AIS is inherited from the mother, who is typically a carrier of the mutation. A carrier mother is 50% likely to pass along the mutated gene to each of her children if she has one normal copy of the AR gene and one mutated copy of the AR gene. If a child inherits the mutated gene, the severity of AIS depends on the type and location of the mutation, in addition to other genetic and environmental factors.
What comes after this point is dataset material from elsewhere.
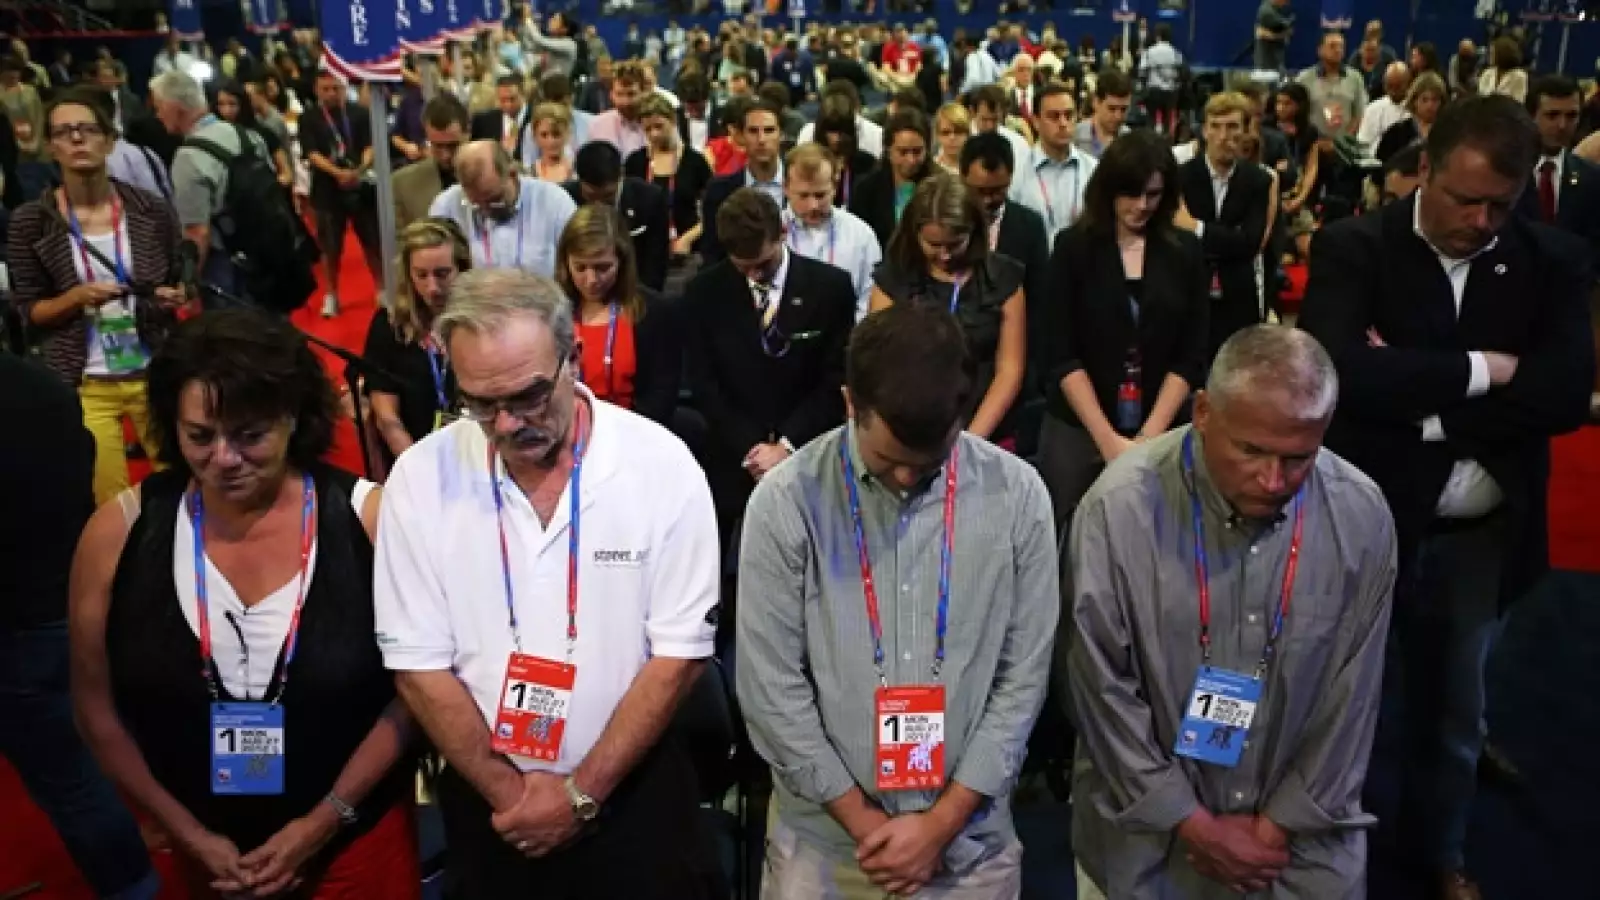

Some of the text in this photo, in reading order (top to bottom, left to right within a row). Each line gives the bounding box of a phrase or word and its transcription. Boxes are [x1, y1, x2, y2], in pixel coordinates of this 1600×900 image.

[510, 683, 526, 709] 1
[1197, 694, 1212, 717] 1
[219, 728, 236, 752] 1
[884, 714, 899, 742] 1
There are three main types of AIS: complete, partial, and mild. The type and symptoms of AIS depend on how much the body can respond to androgens.
It is characterized by female external genitals and shallow vaginal walls, no uterus, fallopian tubes, or ovaries, but undescended testes within their abdomen or groin. Infertile and at increased risk of developing testicular cancer, they are usually raised as girls and identify as female. During puberty, they don't experience periods or puberty-related changes, such as breast development or pubic hair growth.
The external genitals of individuals with PAIS are either unclear male or female or partially developed male genitals. They may have a small penis, a large clitoris, a urethra that opens on the underside of the penis or clitoris, or a combination of these features. They may also have a vagina, a scrotum, or both. The testes may be undescended or partially descended, or the reproductive organs may be normal or abnormal. They may be raised as boys or girls, depending on the appearance of their genitals and their gender identity. According to their hormone levels, they may undergo puberty-related changes, such as voice deepening or breast development. They may have reduced fertility or be infertile.
There is a possibility that people with mild androgen insensitivity syndrome (MAIS) will have normal male external genitals, but may have small testes and a low sperm count. They are usually raised as boys and identify as male. As a result of their hormone levels, they may experience normal or delayed puberty. Fertility may be normal or diminished.
It is usually diagnosed at birth, during puberty, or when trying to conceive. A physical examination of the genitals, blood hormone levels, AR gene testing, and imaging tests of the reproductive organs are used to make the diagnosis.
The treatment of AIS depends on the type and severity of the condition, the age and gender identity of the person, and their personal preferences. The treatment options may include:
An operation aimed at removing, relocating, or reconstructing genital or internal reproductive organs. As well as preventing or treating testicular cancer, which is more common in people with AIS, surgery may also be performed in childhood, adulthood, or infancy, depending on the patient's medical and psychological needs.
Induce or maintain puberty, prevent osteoporosis, or improve sexual function and well-being with hormone therapy.
A person with AIS may benefit from psychological counseling to cope with the emotional and social aspects of living with AIS. This may include providing information and support, addressing issues of gender identity and sexual orientation, and facilitating communication with family and friends.
AIS cannot be prevented, as it is a genetic condition that is present from birth. However, genetic counseling may be offered to people with AIS and their families to help them understand inheritance and its implications. For pregnant women carrying the AR gene mutation, prenatal testing is also possible.
Based on the severity and type of the condition, the treatment received, and personal and social factors involved, people with AIS have varying outlooks. In addition to having satisfying sexual and romantic relationships, with or without biological children, individuals with AIS can live healthy and fulfilling lives as long as they receive appropriate medical care and psychological support.